La dirección artística abandona los laboratorios relucientes y los parques ordenados. Aquí todo es húmedo, oscuro, en descomposición. Los vestuarios están pensados para la función: trajes tácticos, camisas empapadas, heridas, sudor. La fotografía se carga de verdes intensos, sombras densas, rayos de sol filtrados por la niebla. Hay un cuidado constante en la composición de los planos, que muchas veces sugieren peligro sin mostrarlo, al estilo de Jaws. La isla, más que un escenario, es un personaje en sí misma.


En relación con otras películas del género, esta entrega se aleja de los excesos digitales de Dominion o Fallen Kingdom y se acerca más a las primeras películas de supervivencia biológica: The Ghost and the DarknessCongoThe Descent, incluso Annihilation. No es terror, pero flirtea con él. No es aventura infantil, pero recupera el sentido de maravilla y peligro de Jurassic Park (1993). Y lo hace con una seriedad que no significa rigidez, sino respeto por la historia que quiere contar.

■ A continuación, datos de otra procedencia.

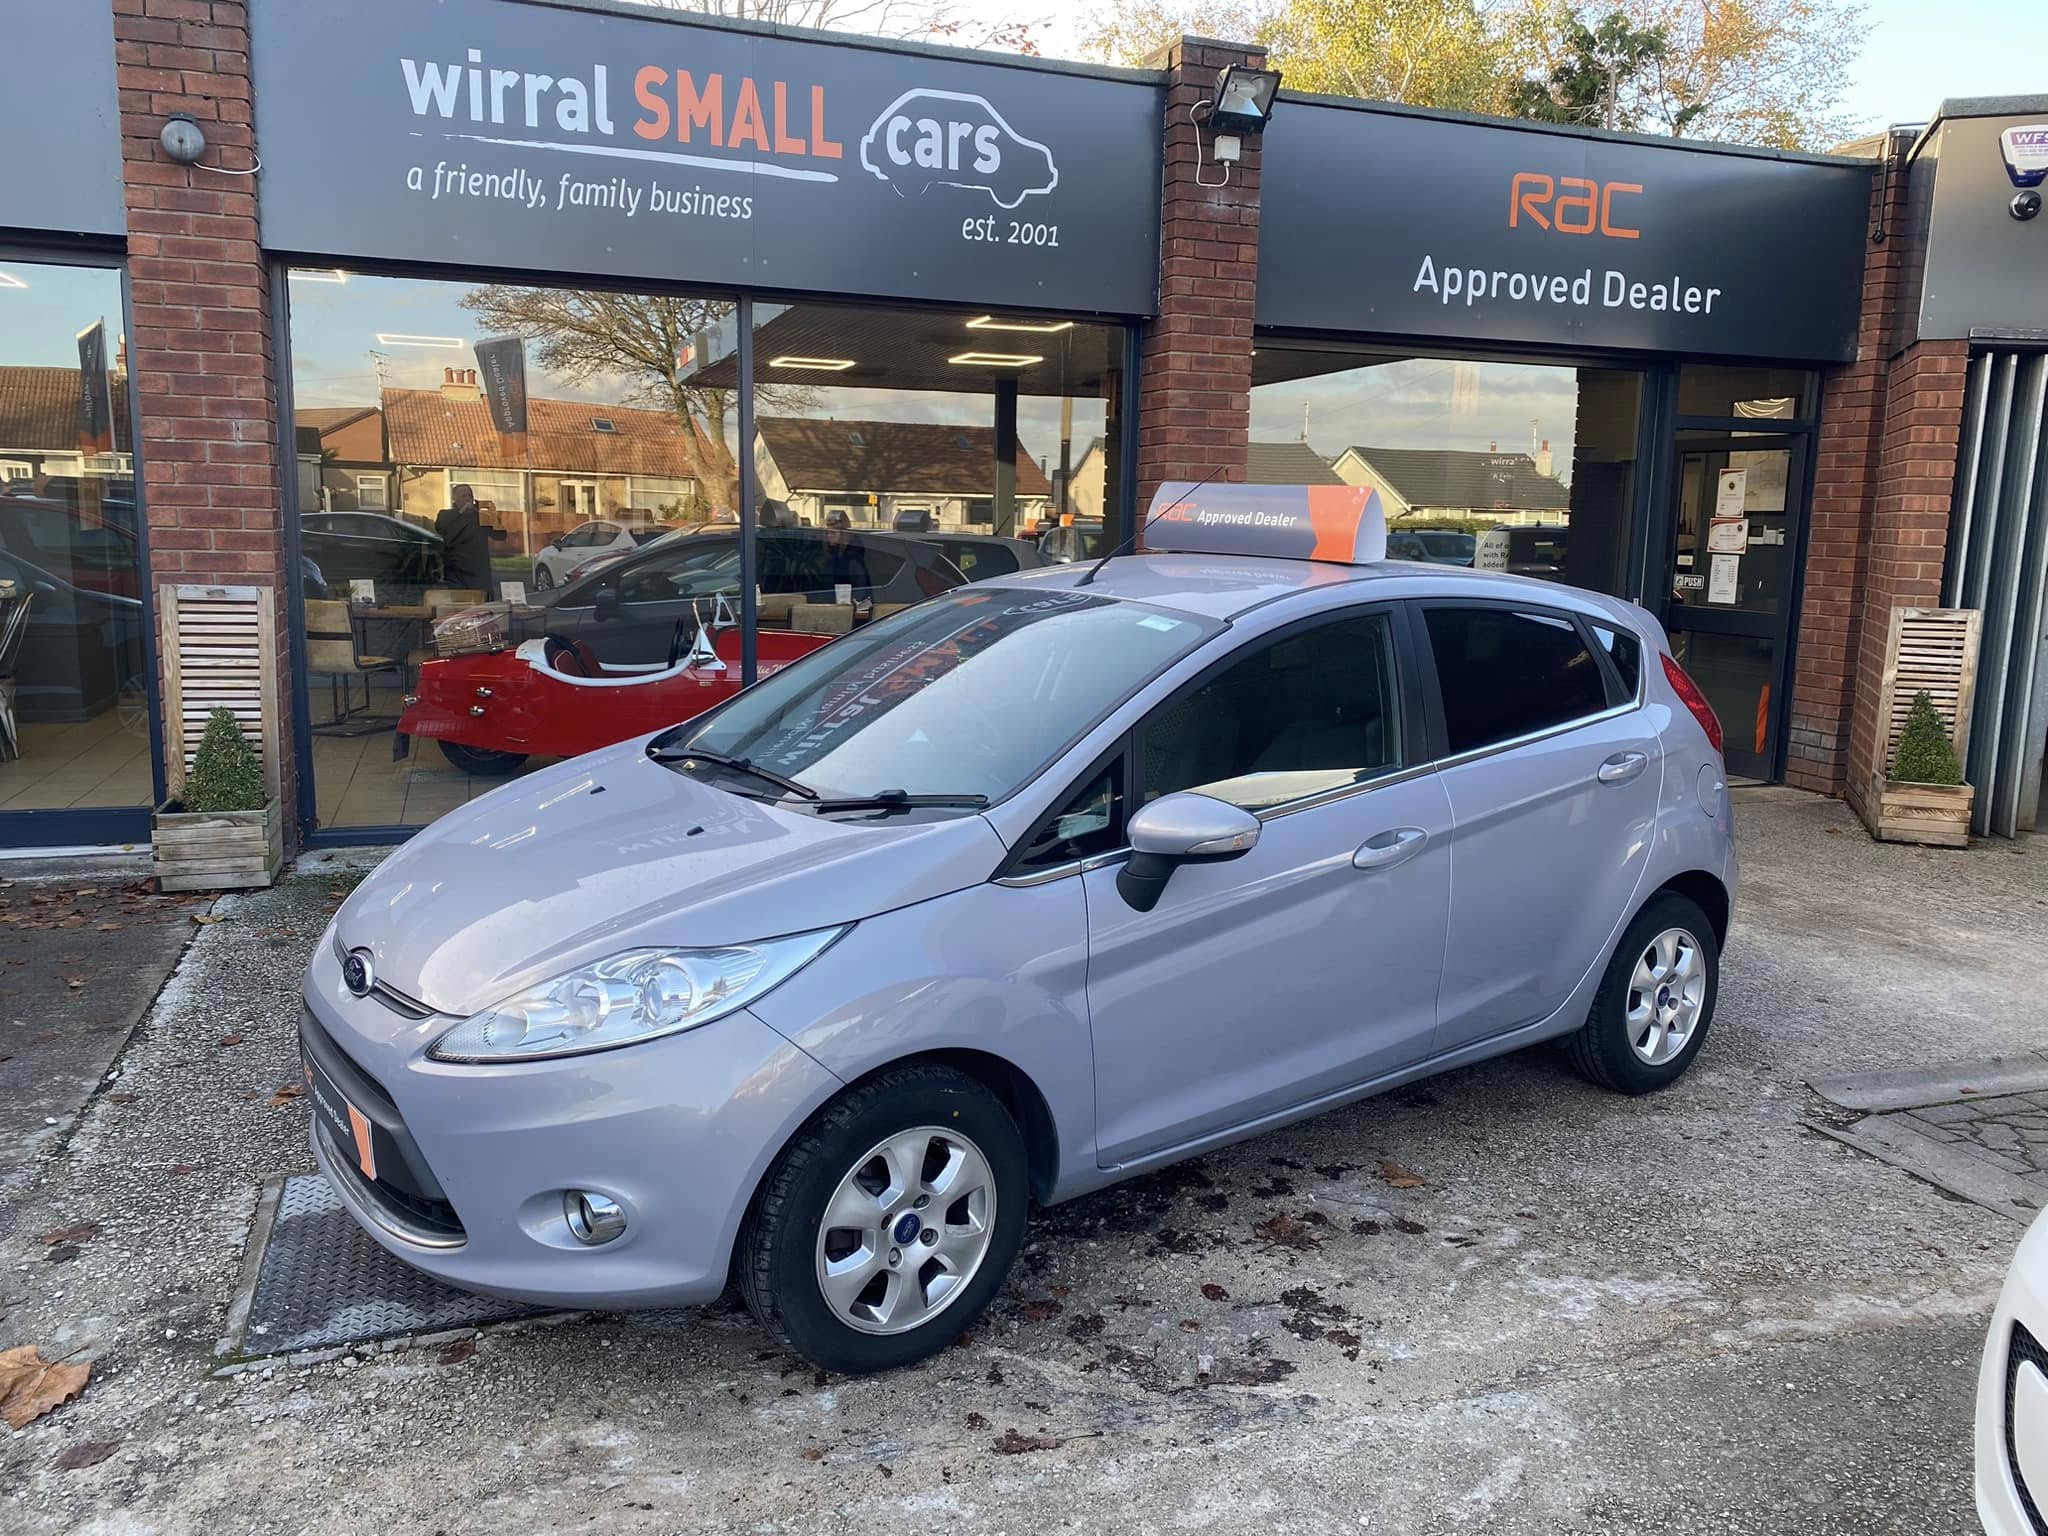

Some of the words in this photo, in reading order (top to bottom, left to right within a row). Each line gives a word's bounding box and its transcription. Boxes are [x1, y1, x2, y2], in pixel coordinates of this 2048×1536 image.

[400, 48, 614, 135] wirral
[633, 65, 842, 158] SMALL
[886, 115, 1000, 174] cars
[406, 166, 423, 190] a
[432, 161, 546, 208] friendly,
[557, 173, 642, 217] family
[650, 181, 753, 219] business
[962, 214, 1000, 242] est.
[1007, 222, 1059, 247] 2001
[1413, 255, 1592, 306] Approved
[1603, 270, 1721, 314] Dealer
[1197, 510, 1252, 527] Approved
[1255, 511, 1297, 527] Dealer
[1684, 575, 1703, 587] PUSH

La película no tiene un desenlace grandilocuente. No lo necesita. El enfrentamiento final no es entre un dinosaurio y un helicóptero, sino entre una decisión moral y una vida humana. Edwards se permite el lujo de cerrar con un plano largo, sin música, donde la jungla recupera el silencio. El cine de acción rara vez termina así. Y es en ese gesto donde uno entiende que aquí no se ha querido hacer “otra” Jurassic World, sino una película con alma dentro de una saga que parecía haberla perdido.

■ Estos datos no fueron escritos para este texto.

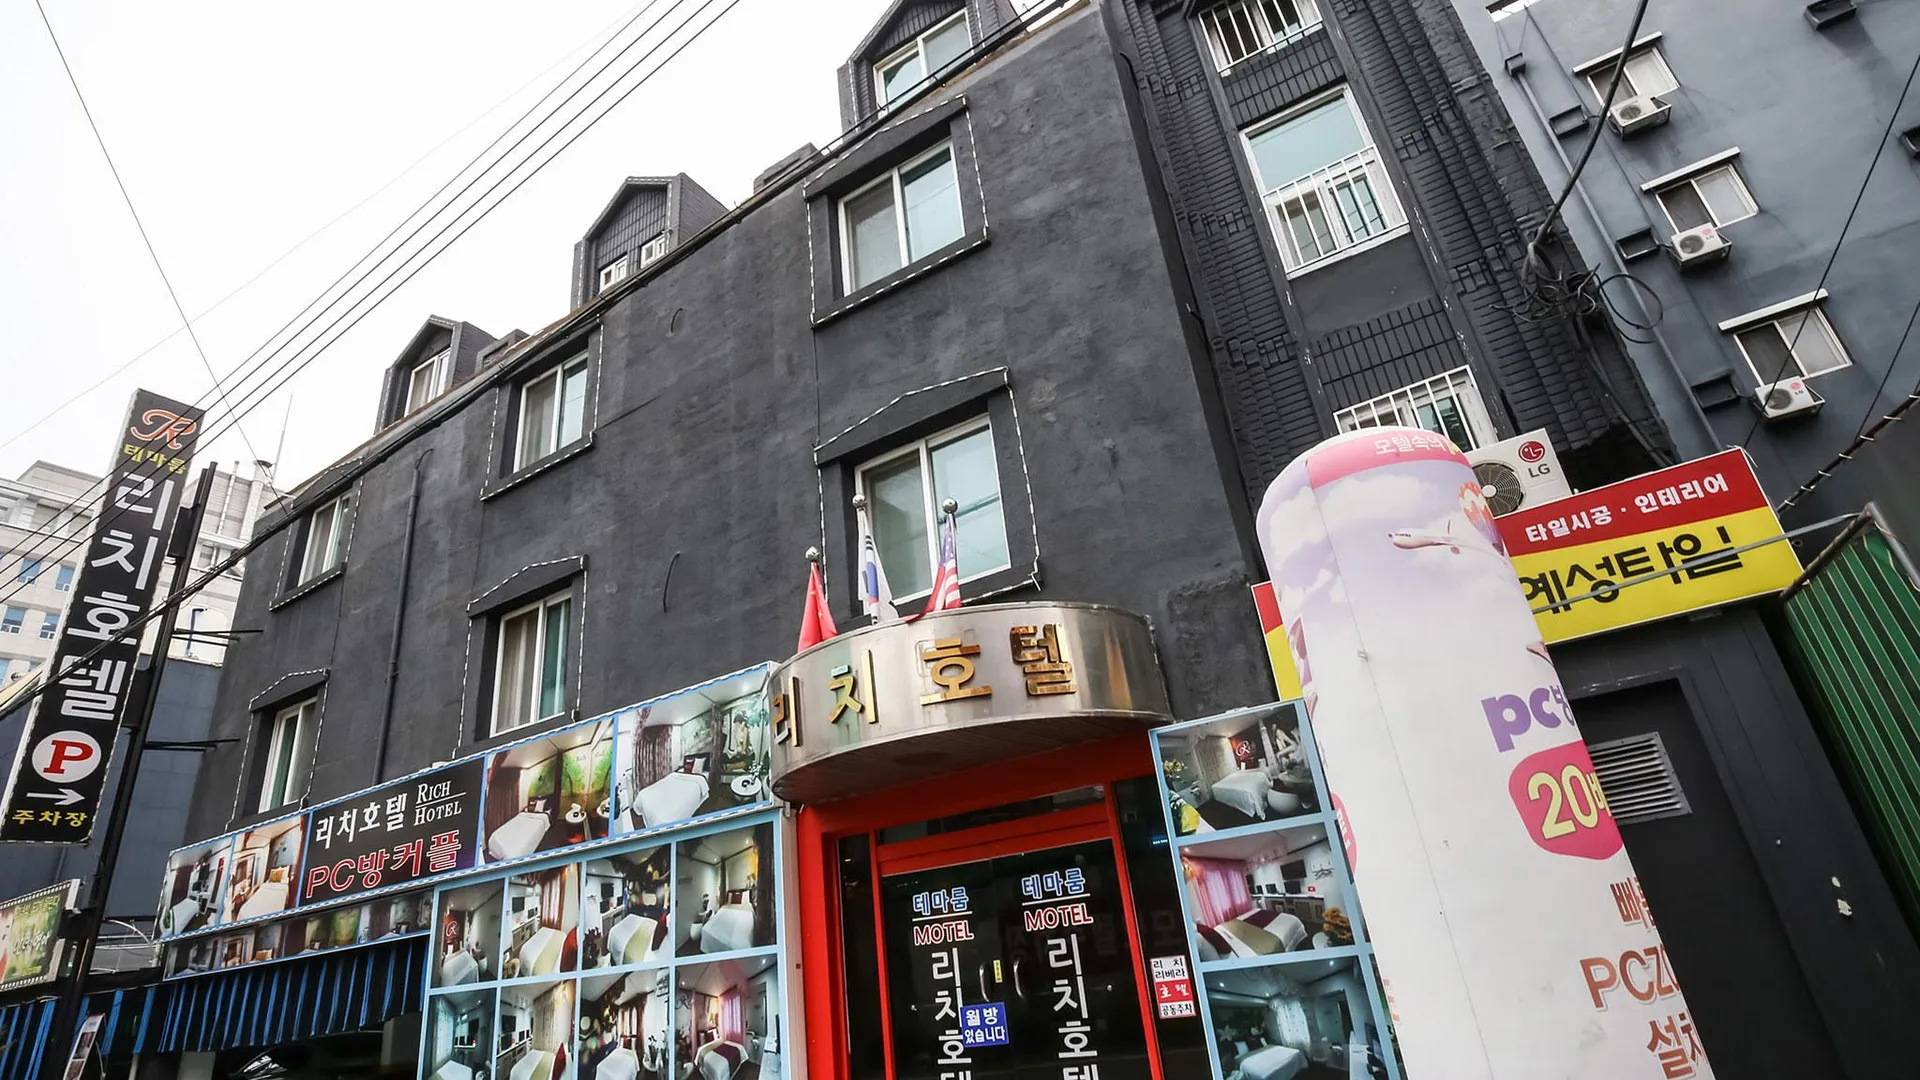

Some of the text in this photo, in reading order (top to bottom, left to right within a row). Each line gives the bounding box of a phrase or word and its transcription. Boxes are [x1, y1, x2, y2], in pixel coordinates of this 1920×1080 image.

[123, 443, 187, 474] 테마룸
[1528, 463, 1551, 479] LG
[1525, 473, 1729, 543] 타일시공 인테리어
[1519, 526, 1743, 615] 예성타일
[59, 470, 175, 721] 리치호텔
[772, 623, 1078, 747] 리치호텔
[415, 780, 452, 806] RICH
[12, 808, 88, 828] 주차장
[315, 793, 408, 850] 리치호텔
[413, 801, 463, 827] HOTEL
[306, 830, 462, 899] PC방커플
[1021, 867, 1086, 899] 테마룸
[912, 886, 969, 916] 테마룸
[1024, 902, 1094, 932] MOTEL
[913, 919, 975, 946] MOTEL
[1155, 968, 1186, 980] 리베라
[1161, 1003, 1193, 1017] 공동주차
[964, 1026, 1006, 1045] 있습니다

El mensaje final no es nuevo, pero sigue siendo necesario: el problema nunca han sido los dinosaurios. El problema somos nosotros. La arrogancia científica, la explotación de lo vivo, la ambición disfrazada de avance. Lo que Jurassic World plantea es que, si alguna vez el mundo vuelve a pertenecer a los dinosaurios, tal vez no sea por accidente… sino por justicia.


Gareth Edwards ha hecho algo más que continuar una franquicia. Le ha devuelto su misterio. Su peligro. Su belleza salvaje. Y nos ha recordado que el verdadero espectáculo no está en los efectos visuales, sino en la oscuridad que habita cuando el ser humano se cree por encima de la vida.